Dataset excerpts
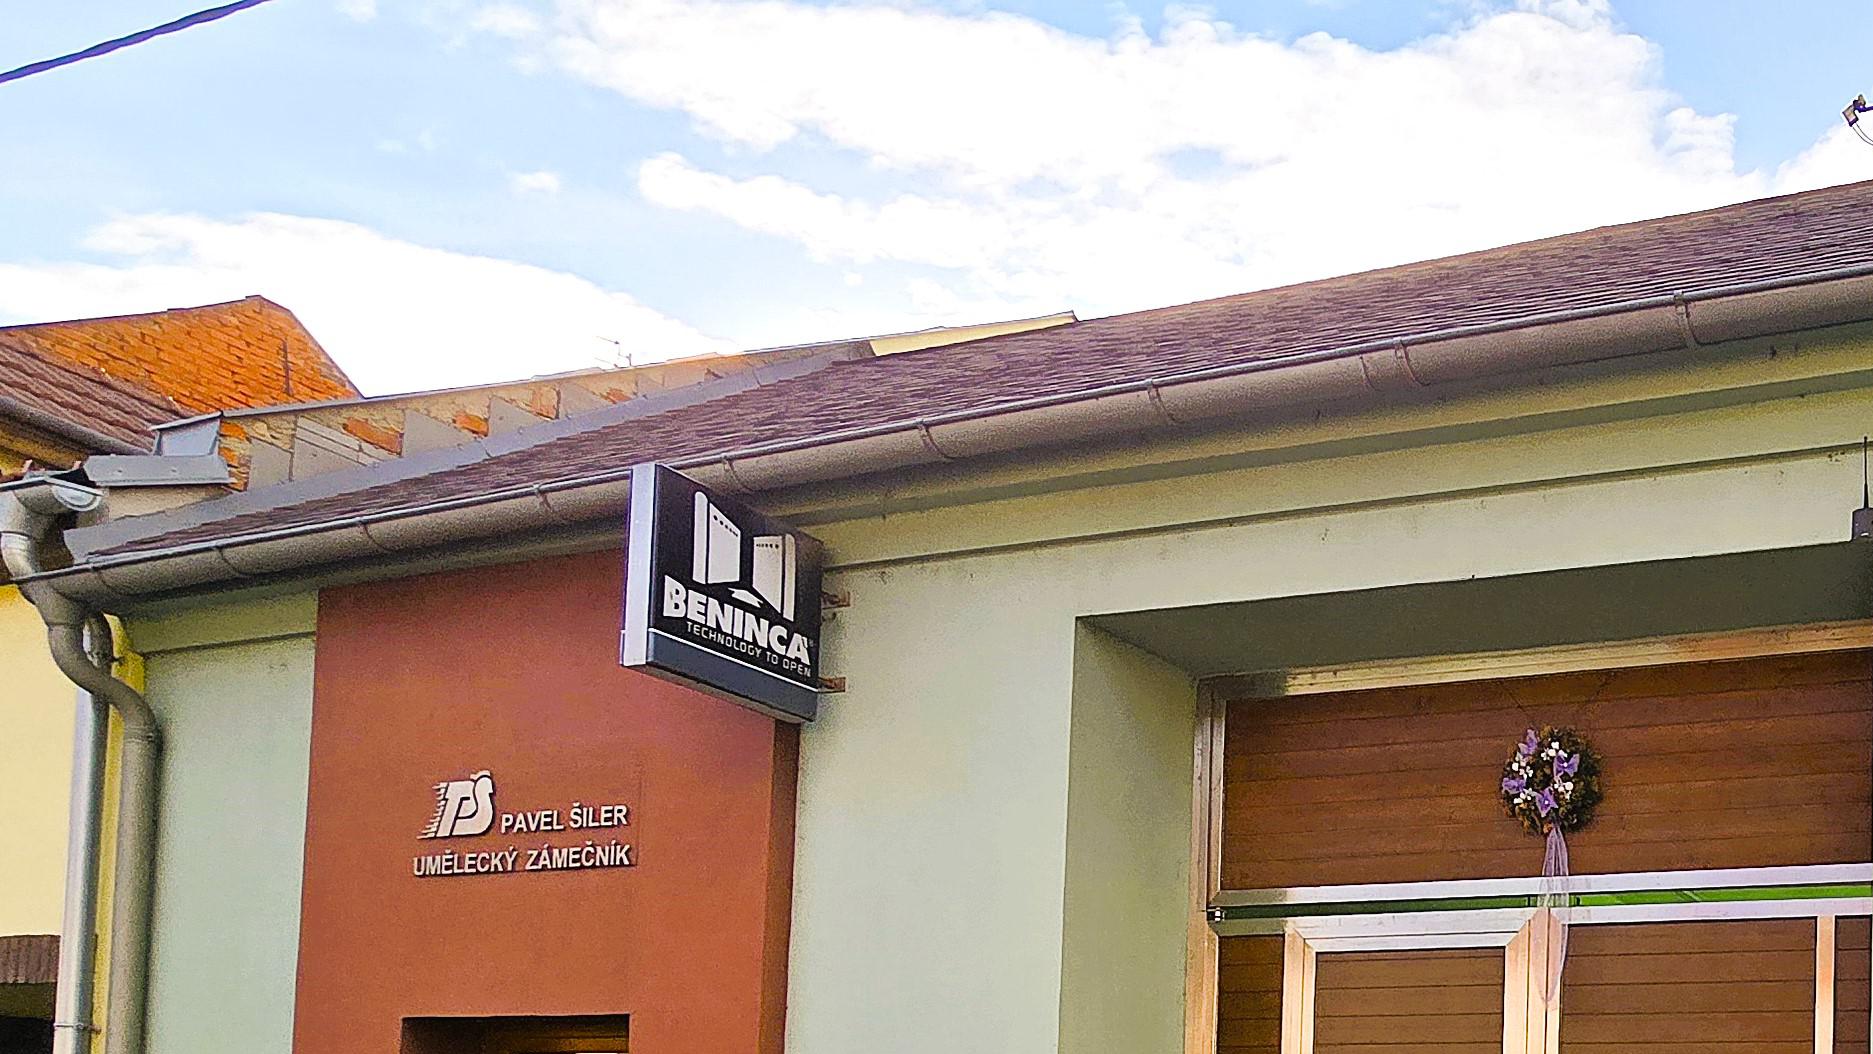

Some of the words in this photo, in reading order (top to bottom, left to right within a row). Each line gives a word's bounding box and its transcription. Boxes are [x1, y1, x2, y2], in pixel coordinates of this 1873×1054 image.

[686, 621, 762, 658] TECHNOLOGY
[766, 651, 779, 665] TO
[782, 658, 811, 678] OPEN
[501, 811, 564, 834] PAVEL
[569, 801, 628, 829] ŠILER
[413, 846, 518, 876] UMĚLECKÝ
[525, 840, 630, 870] ZÁMEČNÍK
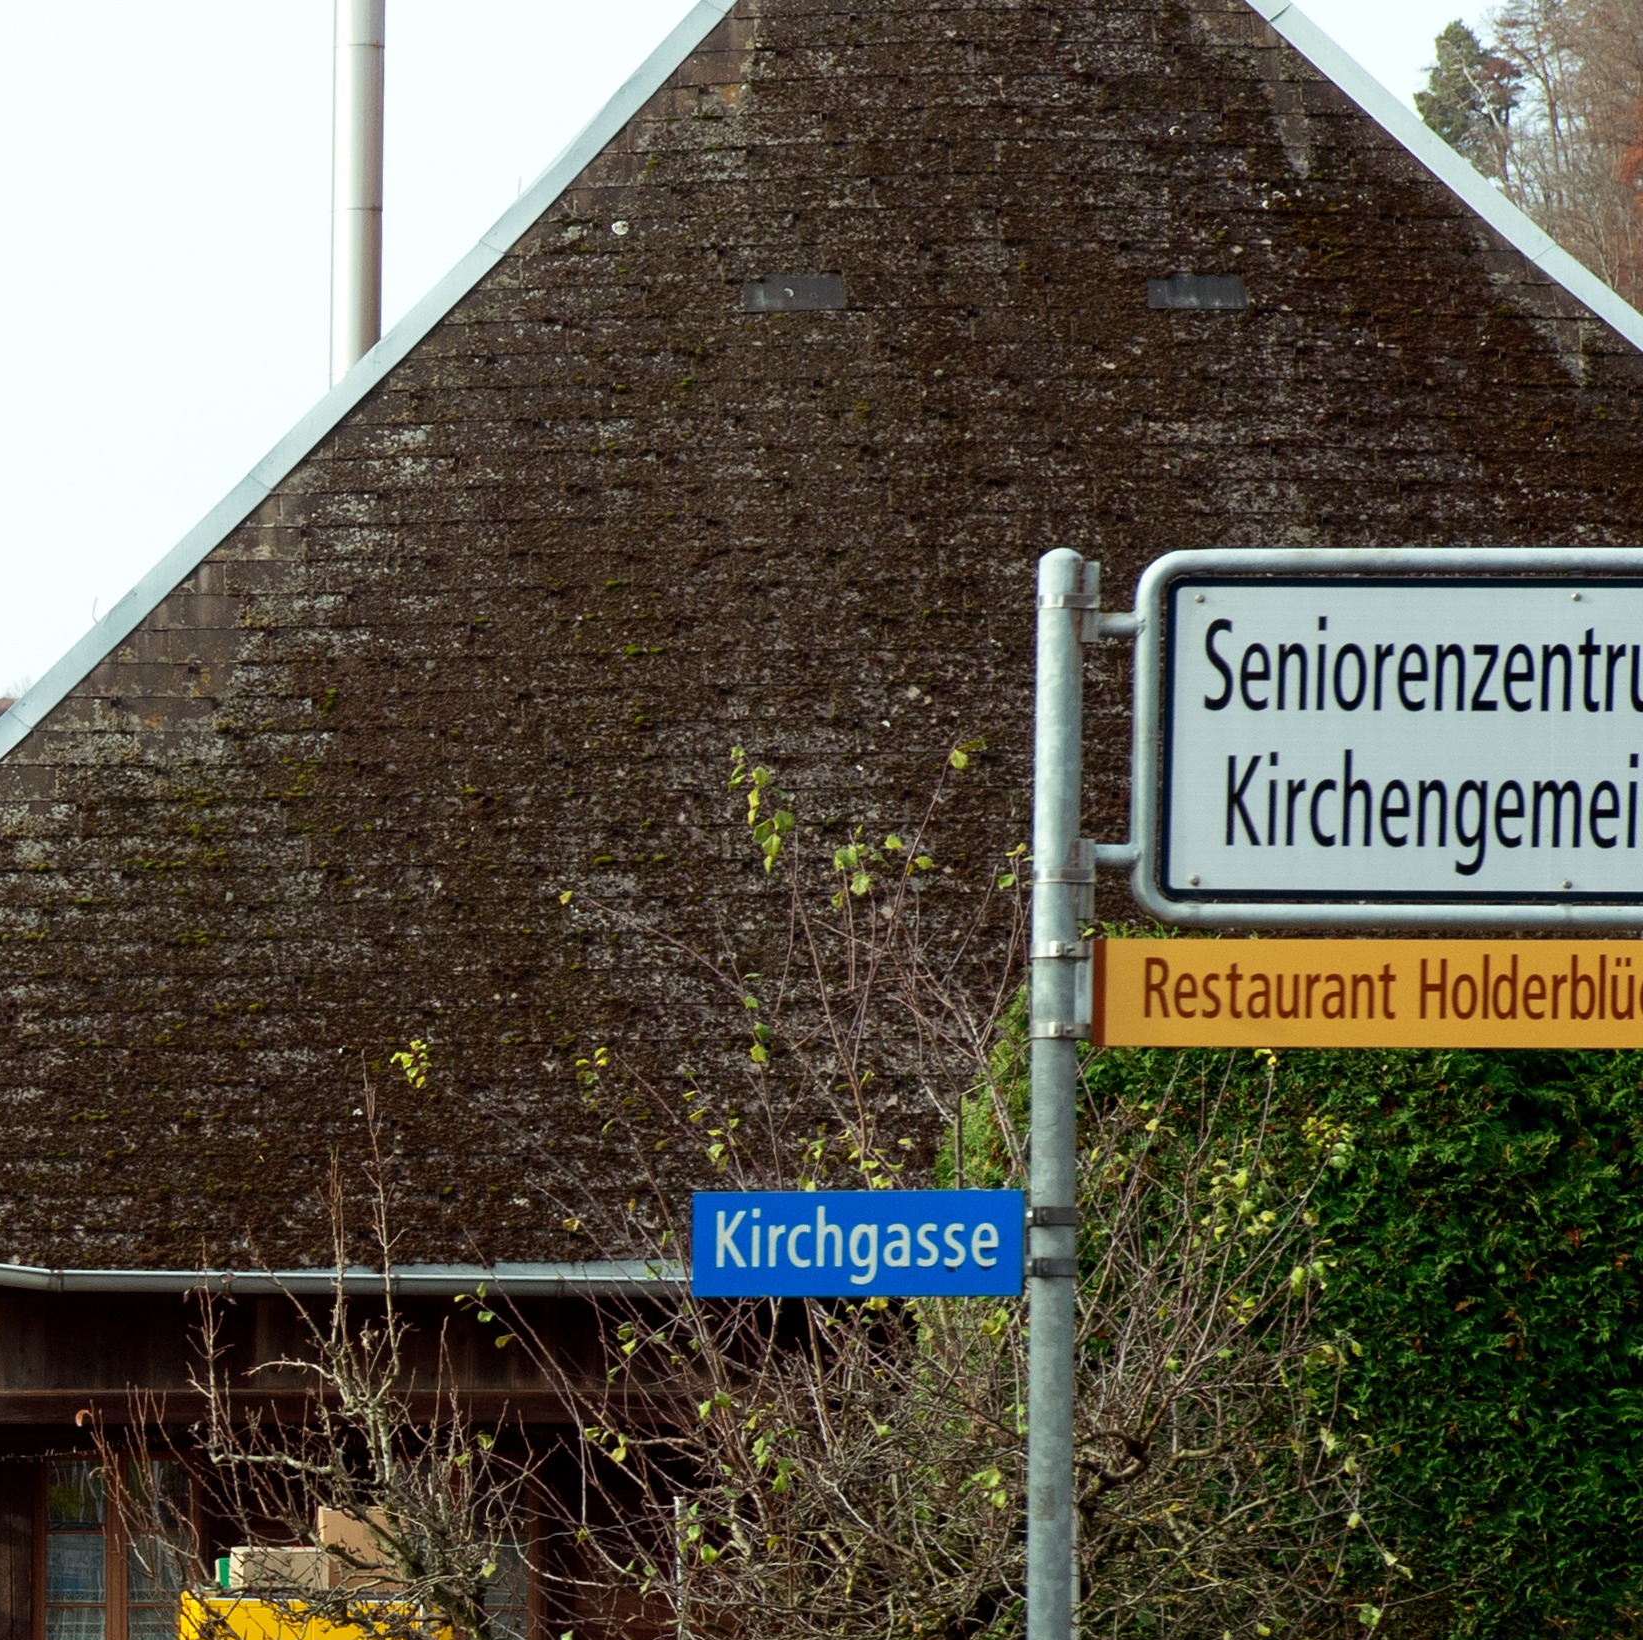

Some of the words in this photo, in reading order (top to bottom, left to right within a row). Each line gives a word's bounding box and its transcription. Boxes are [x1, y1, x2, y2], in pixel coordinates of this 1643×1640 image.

[1224, 748, 1639, 876] Kirchengemei
[1142, 956, 1397, 1020] Restaurant
[1418, 953, 1643, 1020] Holderblü
[715, 1204, 1000, 1286] Kirchgasse

■ EXERCISE BRIEF:
Keep every word of the records exact as you write them out, but drop the pictures.

■ EXPECTED OUTPUT:
Some of the words in this photo, in reading order (top to bottom, left to right within a row). Each line gives a word's bounding box and its transcription. Boxes are [x1, y1, x2, y2], in pixel coordinates of this 1873×1054 image.

[686, 621, 762, 658] TECHNOLOGY
[766, 651, 779, 665] TO
[782, 658, 811, 678] OPEN
[501, 811, 564, 834] PAVEL
[569, 801, 628, 829] ŠILER
[413, 846, 518, 876] UMĚLECKÝ
[525, 840, 630, 870] ZÁMEČNÍK

Some of the words in this photo, in reading order (top to bottom, left to right within a row). Each line gives a word's bounding box and its transcription. Boxes are [x1, y1, x2, y2], in pixel coordinates of this 1643×1640 image.

[1224, 748, 1639, 876] Kirchengemei
[1142, 956, 1397, 1020] Restaurant
[1418, 953, 1643, 1020] Holderblü
[715, 1204, 1000, 1286] Kirchgasse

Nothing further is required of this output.